Mit der Frage, ob es zu einer Aufgabe (Änderung) der bisherigen Abgabestelle des Beschwerdeführers gekommen ist oder ob der Beschwerdeführer - wie von ihm behauptet - dort im Zeitpunkt des Zustellversuches (noch) "wohnhaft" gewesen sei, hat sich die belangte Behörde im angefochtenen Bescheid aber nicht auseinander gesetzt. Sie hat dazu lediglich festgestellt, dass der Zustellversuch "erfolglos" geblieben sei und der Beschwerdeführer "an der angeführten Abgabestelle als 'unbekannt' galt". Das bezieht sich offenbar auf die Mitteilung des Zustellers auf der an das Bundesasylamt rückgemittelten Sendung.
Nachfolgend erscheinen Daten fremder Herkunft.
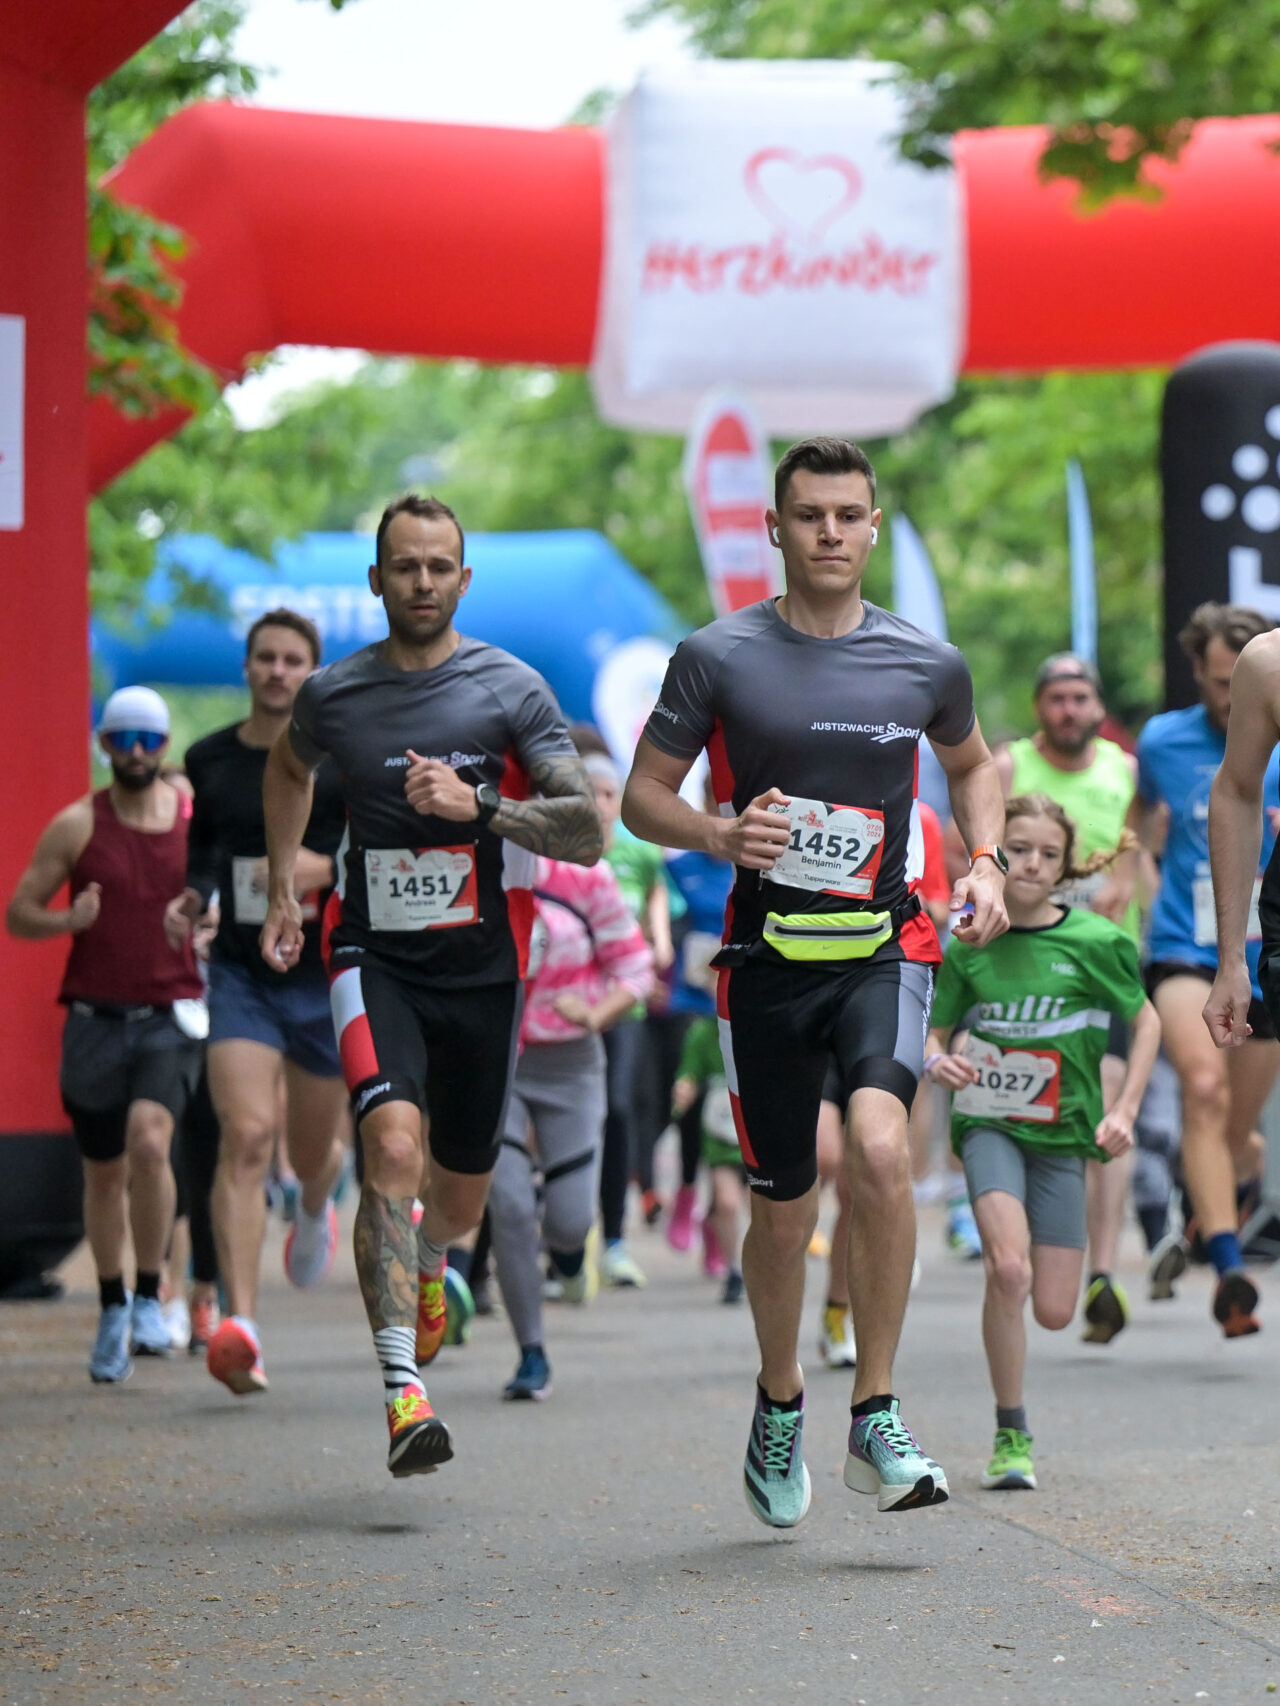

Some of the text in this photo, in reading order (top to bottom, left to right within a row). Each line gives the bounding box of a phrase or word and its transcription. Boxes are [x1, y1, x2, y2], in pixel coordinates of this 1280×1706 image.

Unbeachtet ließ die belangte Behörde allerdings, dass der Beschwerdeführer nach den (auch im Zeitpunkt des Zustellversuches schon vorliegenden) Meldeauskünften an der Abgabestelle aufrecht gemeldet war, und sie ging vor allem nicht auf das in der Vorsprache am 21. April 2004 bereits angedeutete und in seinen Anträgen vom 29. April 2004 ausdrücklich erstattete Vorbringen des Beschwerdeführers ein, er sei im Zeitpunkt des Zustellversuches an der Abgabestelle wohnhaft gewesen. Im Hinblick darauf hätte die belangte Behörde nicht ohne weitere Ermittlungen unterstellen dürfen, die für ein Vorgehen nach § 8 Abs. 2 ZustG vorausgesetzte Änderung bzw. Aufgabe der bisherigen Abgabestelle im Sinne des Abs. 1 dieser Gesetzesstelle sei gegeben gewesen. Das hat die belangte Behörde verkannt (vgl. zu einem Widerspruch zwischen dem Bericht des Zustellers und der Auskunft der Meldebehörde auch das schon erwähnte Erkenntnis vom 12. September 2002, Zl. 2002/20/0229).

Die Begründung des angefochtenen Bescheides lässt sich aber auch dahin deuten, im Hinblick auf die mit Bescheid vom 26. Juli 2004 vorgenommene rechtskräftige Abweisung des Antrages auf (neuerliche) Zustellung des Asylbescheides vom 3. Dezember 2003 stehe - bindend - die Wirksamkeit der Hinterlegung am 15. Dezember 2003 (und demzufolge die Verspätung der Berufung) fest. Eine derartige Bindungswirkung - sollte sie die belangte Behörde angenommen haben - besteht aber schon deshalb nicht, weil die Wirksamkeit der nach § 8 Abs. 2 ZustG vorgenommenen Hinterlegung bei der Erledigung des Zustellantrages nur eine Vorfrage bildete (vgl. etwa das Erkenntnis vom 18. Juni 2003, Zl. 2001/06/0161; vgl. auch Walter/Mayer, Verwaltungsverfahrensrecht8 Rz 306 ff). Aber auch beweiswürdigende Schlüsse auf eine Verspätung der Berufung lassen sich weder aus der unterlassenen Bekämpfung des Bescheides vom 26. Juli 2004 noch aus dem "vorsichtshalber" eingebrachten Wiedereinsetzungsantrag ziehen. Beides machte - entgegen der erkennbaren Meinung der belangten Behörde - Ermittlungen zum entscheidungsrelevanten Umstand, ob der Beschwerdeführer (bereits) im Zeitpunkt des Zustellversuches Anfang Dezember 2003 seine bisherige Abgabestelle geändert (aufgegeben) hatte oder dort (noch) wohnhaft war, nicht entbehrlich.

Der angefochtene Bescheid war somit gemäß § 42 Abs. 2 Z 1 VwGG wegen Rechtswidrigkeit seines Inhaltes aufzuheben.

Die Kostenentscheidung gründet sich auf die §§ 47 ff VwGG, wobei (nur) der ausdrücklich nach der VwGH-Aufwandersatzverordnung 2001 verzeichnete Betrag für Schriftsatzaufwand zuzusprechen war.